* **Your task**
Give the listing again in full and exactly, apart from its pictures.

Data Start Marker

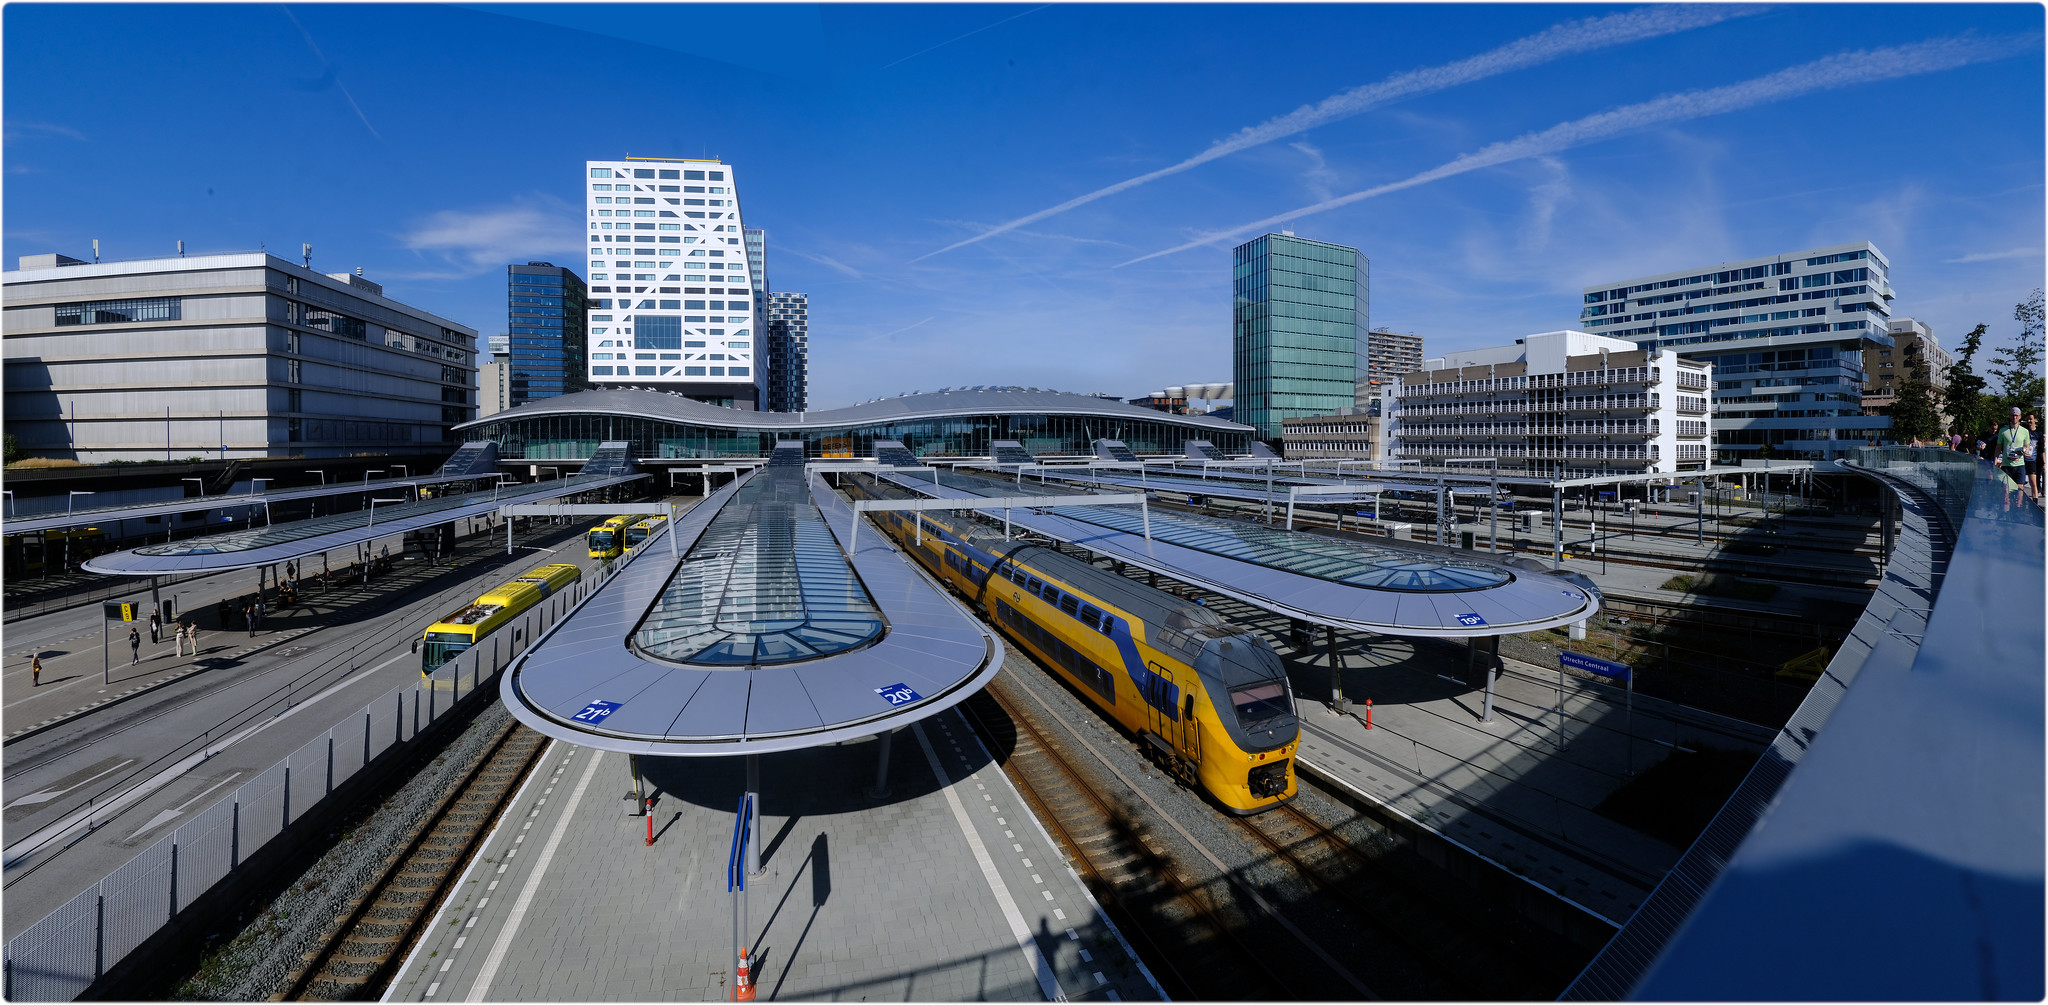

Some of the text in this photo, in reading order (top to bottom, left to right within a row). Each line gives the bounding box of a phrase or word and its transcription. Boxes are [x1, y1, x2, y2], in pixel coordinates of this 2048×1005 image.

[1098, 621, 1104, 632] 2
[1562, 655, 1609, 672] Utrecht Centraal
[1096, 667, 1102, 679] 2
[884, 687, 913, 704] 20b
[575, 707, 611, 721] 21b
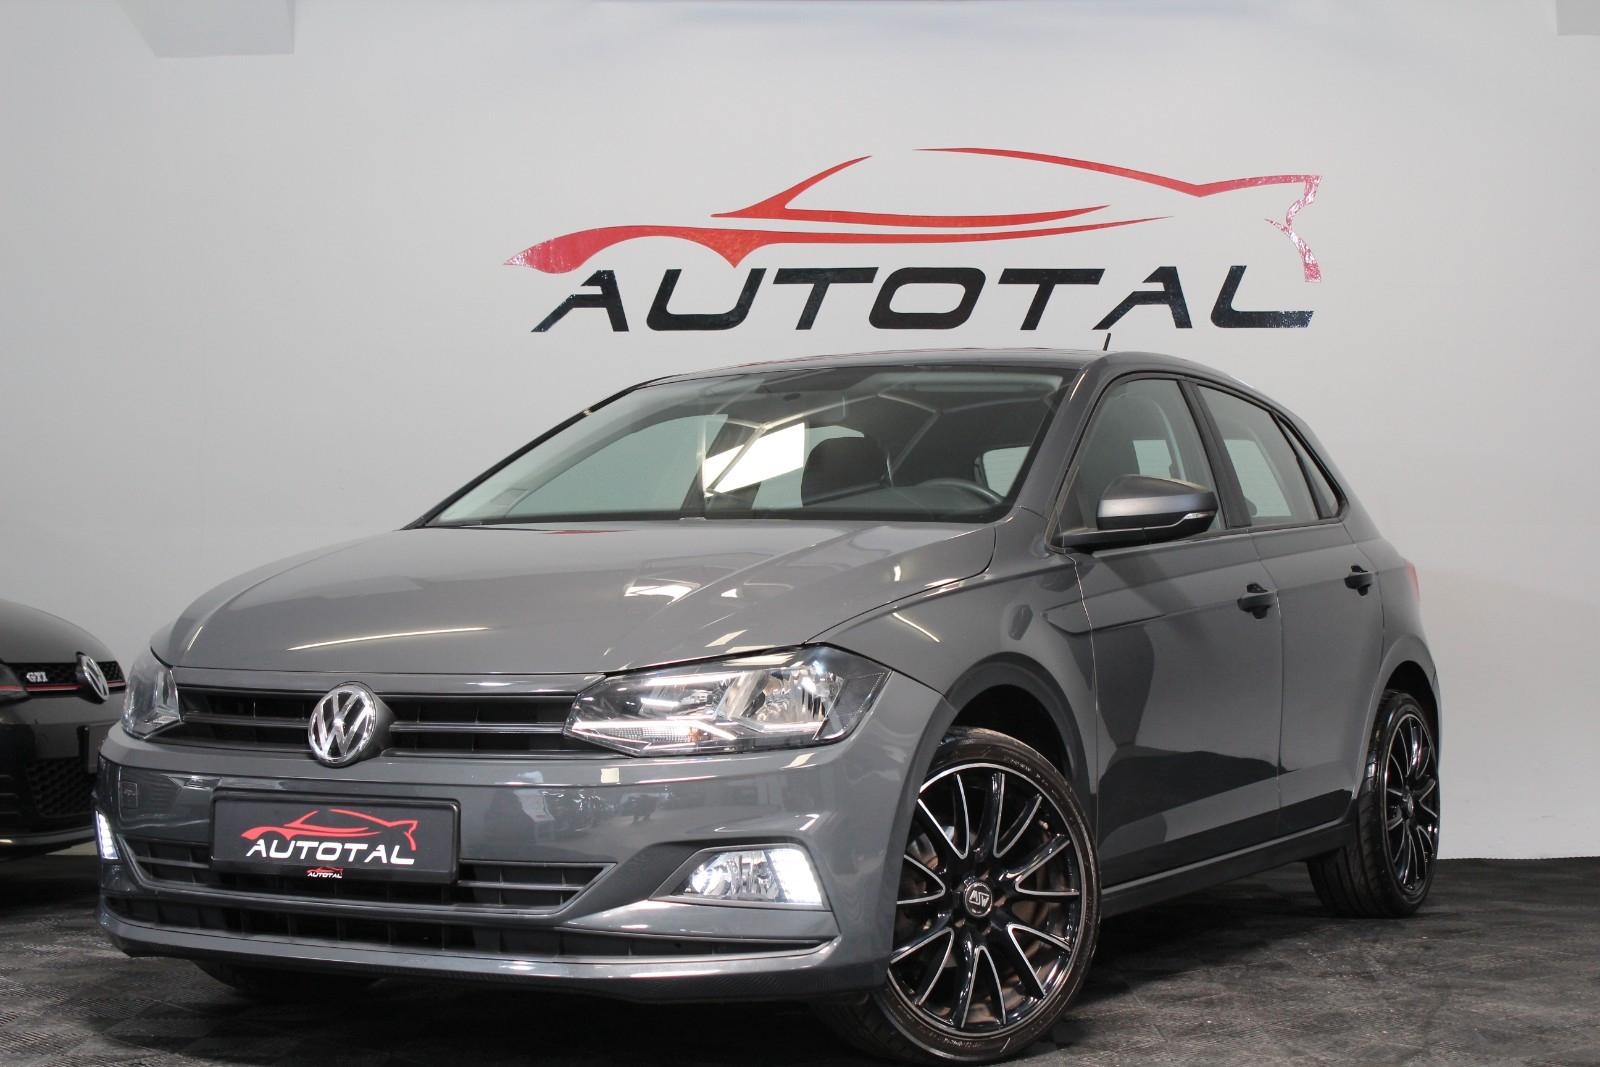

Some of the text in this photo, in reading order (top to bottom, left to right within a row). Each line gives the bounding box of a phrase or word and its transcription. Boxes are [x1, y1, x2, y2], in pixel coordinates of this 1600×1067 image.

[531, 265, 1315, 332] AUTOTAL
[26, 671, 48, 682] GTI
[246, 838, 415, 865] AUTOTAL
[307, 871, 343, 879] AUTOTAL
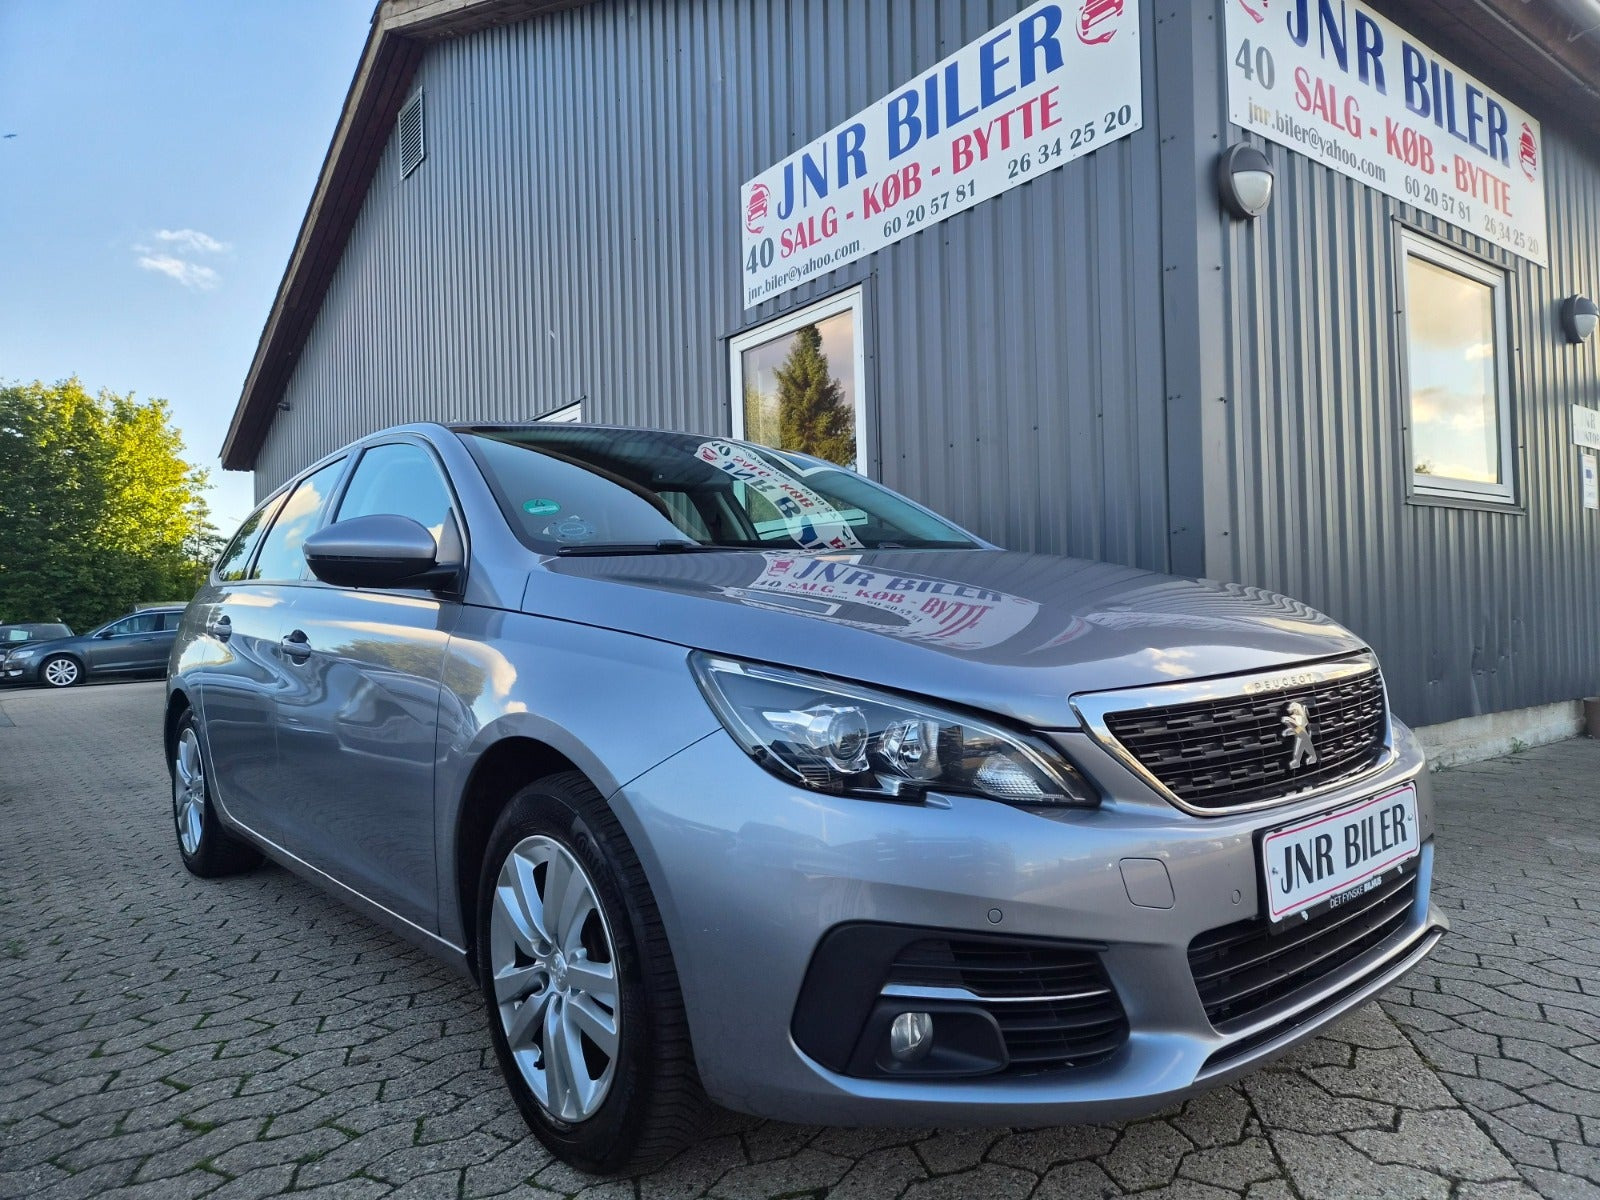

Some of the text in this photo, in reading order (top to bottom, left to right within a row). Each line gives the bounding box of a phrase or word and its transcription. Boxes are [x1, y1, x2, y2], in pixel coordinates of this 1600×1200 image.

[777, 4, 1064, 220] JNR BILER
[1235, 38, 1275, 90] 40
[1294, 66, 1362, 140] SALG
[1385, 115, 1435, 175] KØB
[1454, 153, 1513, 218] BYTTE
[1286, 0, 1511, 169] JNR BILER
[746, 237, 775, 275] 40
[780, 205, 838, 259] SALG
[863, 162, 923, 220] KØB
[952, 85, 1063, 175] BYTTE
[748, 104, 1132, 304] jnr.biler@yahoo.com 60 20 57 81 26 34 25 20
[1247, 96, 1539, 255] jnr.biler@yahoo.com 60 20 57 81 26 34 25 20
[793, 559, 876, 587] JNR
[1254, 673, 1312, 692] PEUGEOT
[1281, 803, 1408, 895] JNR BILER
[1330, 895, 1342, 909] DET
[1342, 885, 1364, 903] FYNSKE

Data End Marker

* **Answer to the problem**
Some of the text in this photo, in reading order (top to bottom, left to right within a row). Each line gives the bounding box of a phrase or word and its transcription. Boxes are [x1, y1, x2, y2], in pixel coordinates of this 2048×1005 image.

[1098, 621, 1104, 632] 2
[1562, 655, 1609, 672] Utrecht Centraal
[1096, 667, 1102, 679] 2
[884, 687, 913, 704] 20b
[575, 707, 611, 721] 21b

Some of the text in this photo, in reading order (top to bottom, left to right within a row). Each line gives the bounding box of a phrase or word and its transcription. Boxes are [x1, y1, x2, y2], in pixel coordinates of this 1600×1067 image.

[531, 265, 1315, 332] AUTOTAL
[26, 671, 48, 682] GTI
[246, 838, 415, 865] AUTOTAL
[307, 871, 343, 879] AUTOTAL

Some of the text in this photo, in reading order (top to bottom, left to right within a row). Each line gives the bounding box of a phrase or word and its transcription. Boxes are [x1, y1, x2, y2], in pixel coordinates of this 1600×1200 image.

[777, 4, 1064, 220] JNR BILER
[1235, 38, 1275, 90] 40
[1294, 66, 1362, 140] SALG
[1385, 115, 1435, 175] KØB
[1454, 153, 1513, 218] BYTTE
[1286, 0, 1511, 169] JNR BILER
[746, 237, 775, 275] 40
[780, 205, 838, 259] SALG
[863, 162, 923, 220] KØB
[952, 85, 1063, 175] BYTTE
[748, 104, 1132, 304] jnr.biler@yahoo.com 60 20 57 81 26 34 25 20
[1247, 96, 1539, 255] jnr.biler@yahoo.com 60 20 57 81 26 34 25 20
[793, 559, 876, 587] JNR
[1254, 673, 1312, 692] PEUGEOT
[1281, 803, 1408, 895] JNR BILER
[1330, 895, 1342, 909] DET
[1342, 885, 1364, 903] FYNSKE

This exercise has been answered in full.